On Your Marks: New government guidance affects trademarks
Published: 20 July, 2009
A re-think of trade mark laws brought in last year meant that shopping centres were, for the first time, able to protect their brands. But while it’s now possible to gain trade mark protection, there are still stringent guidelines to which shopping centres must adhere if applications are to be successful, writes Cynthia Johnson.
The Intellectual Property Office (IPO) has issued some guidance on what the changes mean in practice, clarifying what is expected from trade mark applications.
It’s important to take note of the guidance, since trade marks distinguish goods and services in the marketplace. Once a trade mark is registered, it cannot be used by anybody other than the holder without permission. Importantly, however, this protection only extends to limited classes of goods or services. This is established at the outset when the applicant specifies the goods or services to which the registration will relate. A good example is the trade mark for the word “polo” which is registered as a trade mark by Nestlé in Class 30 (foodstuffs), by Volkswagen in Class 12 (vehicles) and by Ralph Lauren in Class 25 (clothing).
It has been possible to register trade marks in connection with the provision of services, as well as goods, for the last 15 years. Shopping centre operators clearly provide services that are useful to the consumer. They spend time, money and effort developing and improving shopping centres and often provide infrastructure, such as car parks and crèches, and co-ordinating opening hours and promotional activities.
Surprisingly, the Registrar of Trade Marks took the view that shopping centre operators did not offer a service in the context of trade mark applications, making it impossible for shopping centre operators to seek trade mark protection. This approach was successfully challenged last year by Land Securities, Capital Shopping Centres and Hammerson. The High Court ruled that operators of shopping centres should be able to register trade marks for the services they provide. The definition of those services must, however, be clear and specific enough to support the application.
Developing strong branding for shopping centres is clearly important, since it helps generate increased sales and encourage consumer loyalty. To these ends, shopping centre operators are advertising their centres and issuing customer reward cards that can be used across stores. These efforts utilise logos and slogans to create a recognisable brand.
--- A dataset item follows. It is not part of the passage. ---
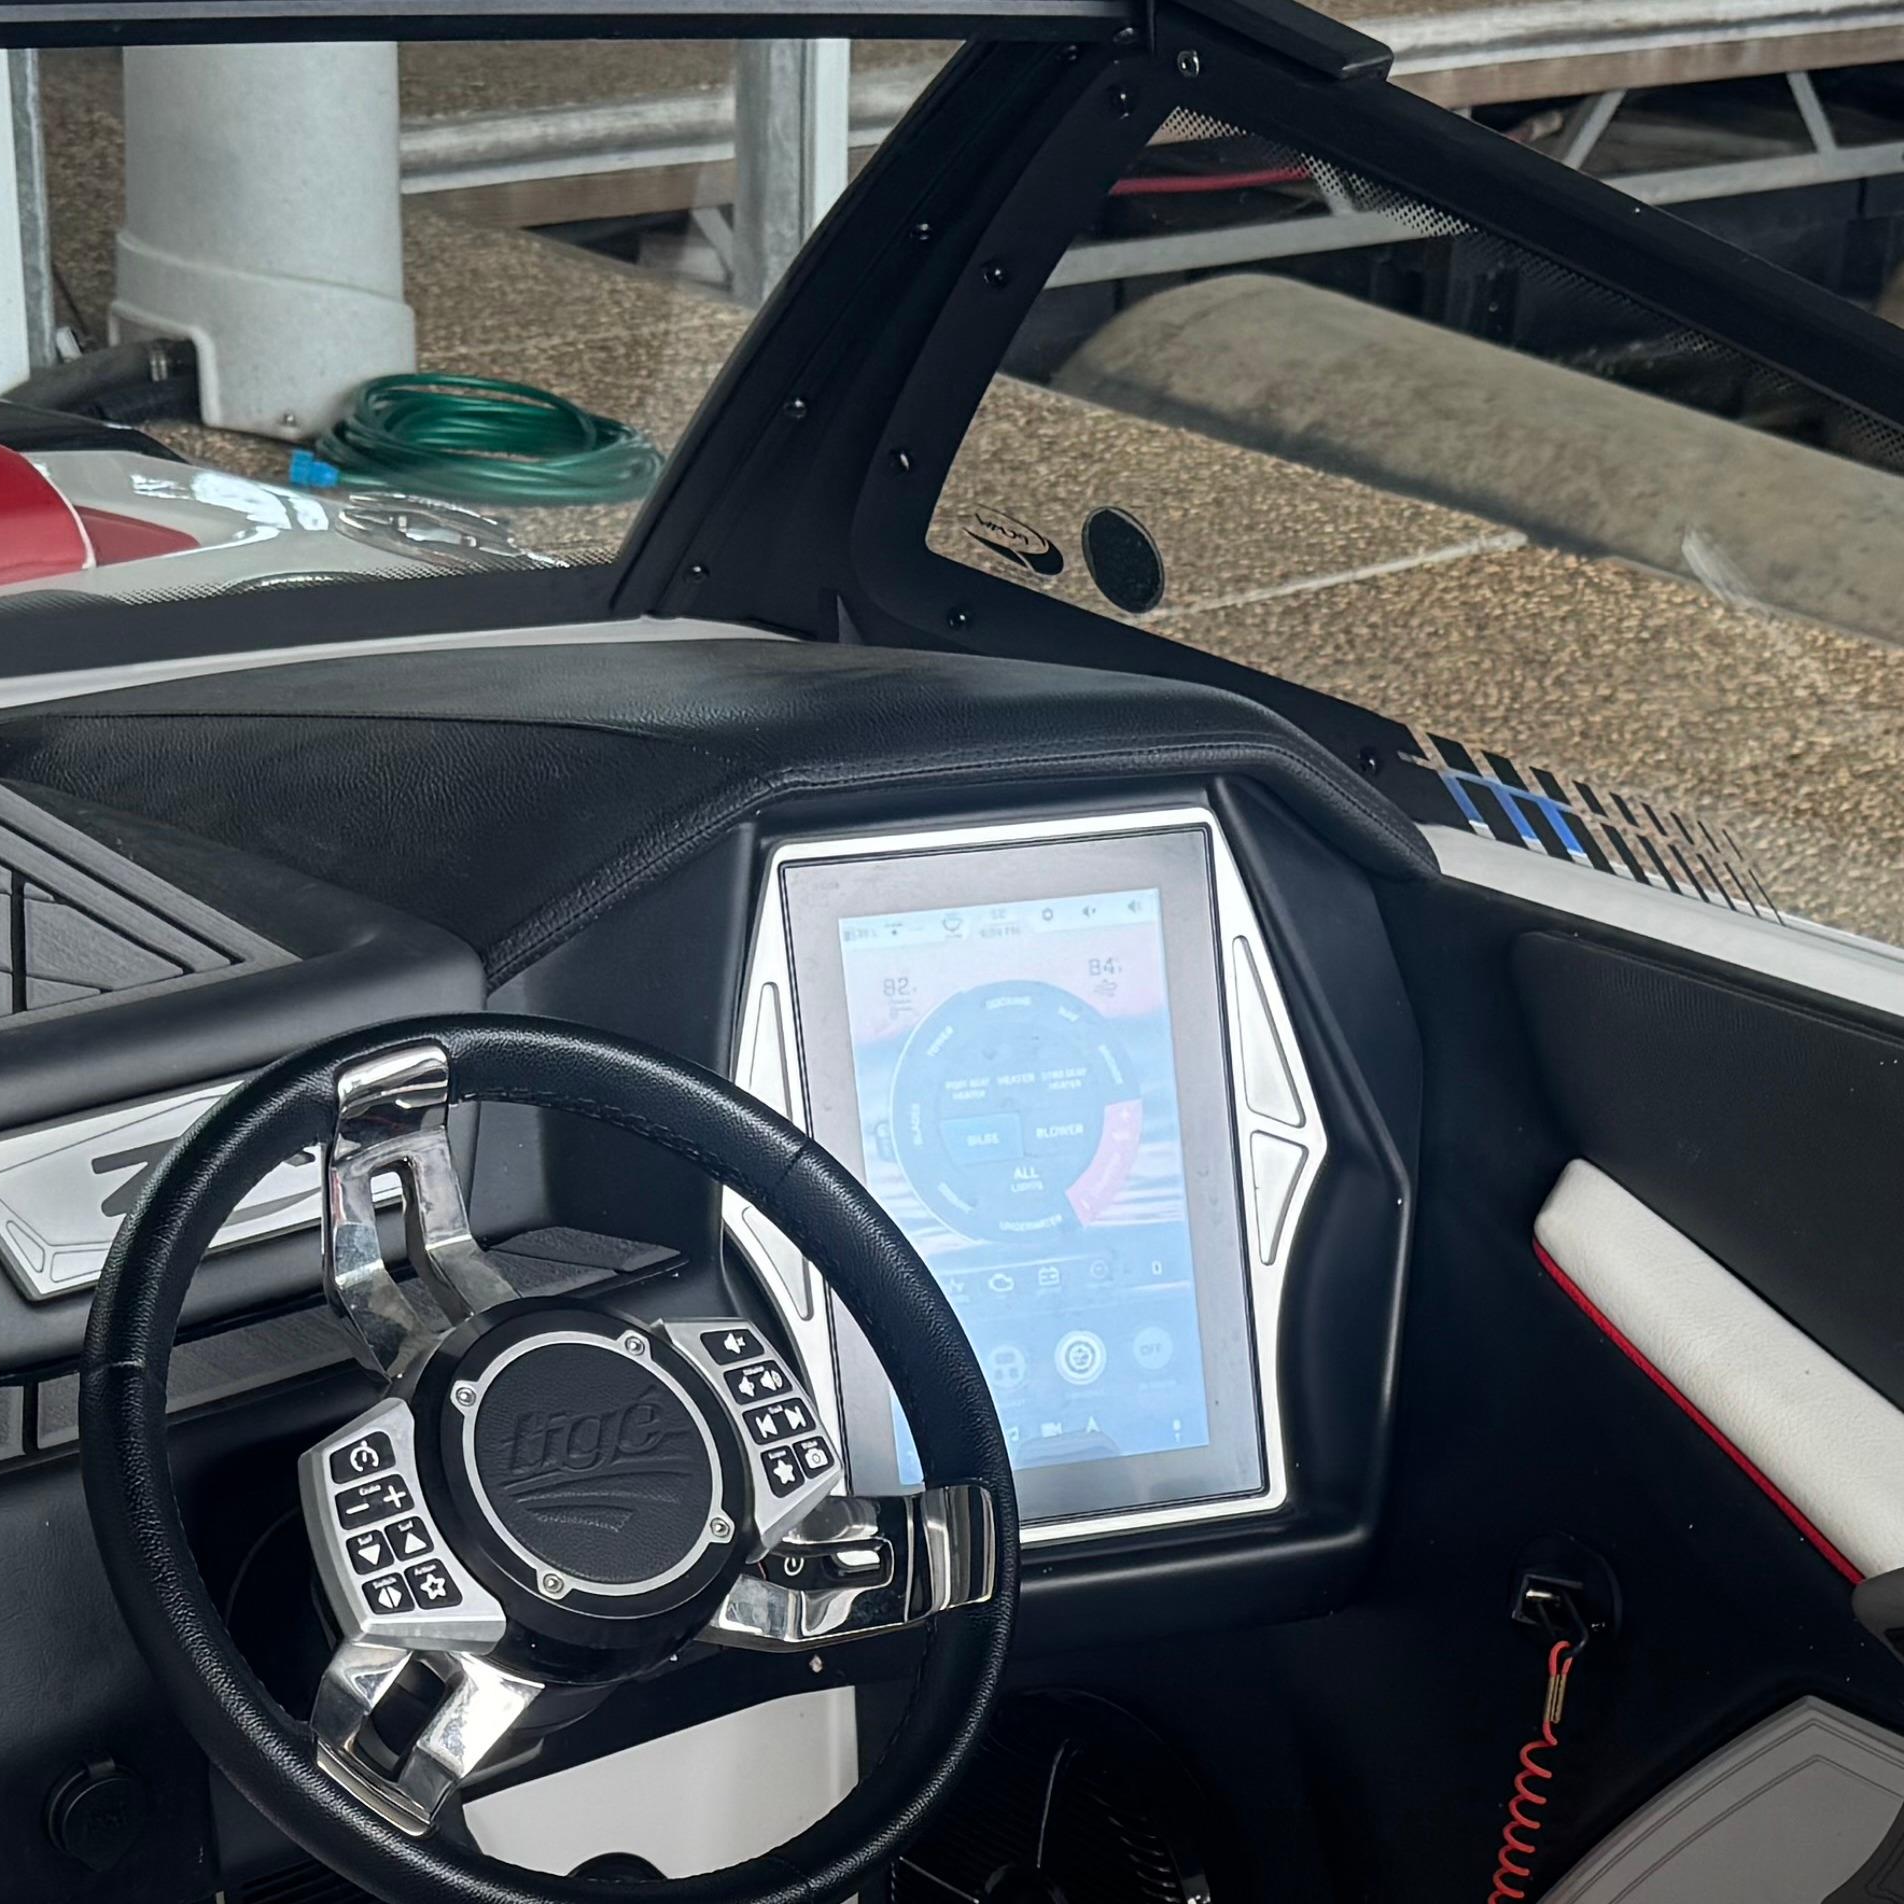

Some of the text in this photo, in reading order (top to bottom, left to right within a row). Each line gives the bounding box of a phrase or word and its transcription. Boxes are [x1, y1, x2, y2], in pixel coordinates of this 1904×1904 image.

[997, 1072, 1035, 1086] HEATER
[1036, 1123, 1084, 1139] BLOWER
[1013, 1166, 1039, 1180] ALL
The decision of the High Court is therefore good news for shopping centre operators. If it was impossible to register slogans/logos used by retail shopping centres then carefully established brands would go largely unprotected. Operators would have far less control over how their trade marks are used. Competitors could “free ride” on the reputation of trade marks. The legal protections for unregistered trade marks are far less effective than those available to holders of registered trade marks.
The IPO adopts the High Court’s approach and recognises that it will, in principle, accept future trade mark applications by shopping centre operators. The guidance from the IPO strongly advises that the specification of services must be clear, and the IPO endorses model specifications set out in the guidance, stating that an open-ended reference to “all other services” is insufficiently clear and will not be accepted. It is therefore important that all related services are clearly defined, rather than simply grouped together as ‘related services’ or something similar.
The IPO also recognises that applications in relation to internet-based “virtual shopping malls” can also be submitted for trade mark protection. However, the Registrar will not necessarily accept the specification unless there is specific reference to the bringing together of retailers and services “in a shopping centre or mall” or, in the case of internet retail, “through a virtual mall”. If the service is provided through any other means, the Registrar will adopt a case-by case-approach. Although some unanswered questions remain, shopping centre operators will undoubtedly benefit from this useful guidance in a complex area.
Cynthia Johnson is senior associate at UK law firm Dundas & Wilson.